I read the R1 zero paper and the method is very simple , just a tweak to PPO to fine tune deepseek v3 base using a verifiable sparse binary reward. The fact that they got it to work even though others failed is likely due to better data and/or their very efficient implementation
why did R1's RL suddenly start working, when previous attempts to do similar things failed?
theory: we've basically spent the last few years running a massive acausally distributed chain of thought data annotation program on the pretraining dataset.
deepseek's approach with R1 is a pretty obvious method. they are far from the first lab to try "slap a verifier on it and roll out CoTs."
but it didn't used to work that well. all of a sudden, though, it did start working. and reproductions of R1, even using slightly different methods, are just working too--it's not some super-finicky method that deepseek lucked out finding. all of a sudden, the basic, obvious techniques are... just working, much better than they used to.
in the last couple of years, chains of thought have been posted all over the internet (LLM outputs leaking into pretraining like this is usually called "pretraining contamination"). and not just CoTs--outputs posted on the internet are usually accompanied by linguistic markers of whether they're correct or not ("holy shit it's right", "LOL wrong"). this isn't just true for easily verifiable problems like math, but also fuzzy ones like writing.

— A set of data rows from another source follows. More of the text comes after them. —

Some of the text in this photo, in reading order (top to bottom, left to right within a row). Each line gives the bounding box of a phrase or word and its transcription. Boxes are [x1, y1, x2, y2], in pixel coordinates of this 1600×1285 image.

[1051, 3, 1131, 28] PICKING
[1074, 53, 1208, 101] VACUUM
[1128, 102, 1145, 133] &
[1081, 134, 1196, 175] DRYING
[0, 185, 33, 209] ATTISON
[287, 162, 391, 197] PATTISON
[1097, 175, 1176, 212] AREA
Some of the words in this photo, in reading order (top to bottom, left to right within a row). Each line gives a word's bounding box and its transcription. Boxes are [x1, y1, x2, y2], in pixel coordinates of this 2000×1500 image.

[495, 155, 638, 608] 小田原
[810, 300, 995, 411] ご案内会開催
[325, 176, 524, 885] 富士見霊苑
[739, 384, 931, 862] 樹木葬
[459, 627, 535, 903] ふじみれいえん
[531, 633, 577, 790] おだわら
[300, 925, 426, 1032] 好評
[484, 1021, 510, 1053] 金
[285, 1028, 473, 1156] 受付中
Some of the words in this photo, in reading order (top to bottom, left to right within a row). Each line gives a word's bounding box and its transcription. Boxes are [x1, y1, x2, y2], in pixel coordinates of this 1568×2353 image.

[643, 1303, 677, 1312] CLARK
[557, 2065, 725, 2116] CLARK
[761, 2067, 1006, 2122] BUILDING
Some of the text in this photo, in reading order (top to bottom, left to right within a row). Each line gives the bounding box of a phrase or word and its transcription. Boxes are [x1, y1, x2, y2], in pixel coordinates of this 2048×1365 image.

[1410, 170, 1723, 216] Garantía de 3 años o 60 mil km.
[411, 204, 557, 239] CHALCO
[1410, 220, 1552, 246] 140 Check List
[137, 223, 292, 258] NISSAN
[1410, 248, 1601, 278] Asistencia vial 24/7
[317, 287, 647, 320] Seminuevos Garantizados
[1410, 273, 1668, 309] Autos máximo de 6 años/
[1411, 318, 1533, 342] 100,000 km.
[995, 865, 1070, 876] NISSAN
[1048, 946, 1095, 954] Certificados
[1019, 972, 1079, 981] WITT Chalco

those CoTs in the V3 training set gave GRPO enough of a starting point to start converging, and furthermore, to generalize from verifiable domains to the non-verifiable ones using the bridge established by the pretraining data contamination.
and now, R1's visible chains of thought are going to lead to *another* massive enrichment of human-labeled reasoning on the internet, but on a far larger scale... the next round of base models post-R1 will be *even better* bases for reasoning models.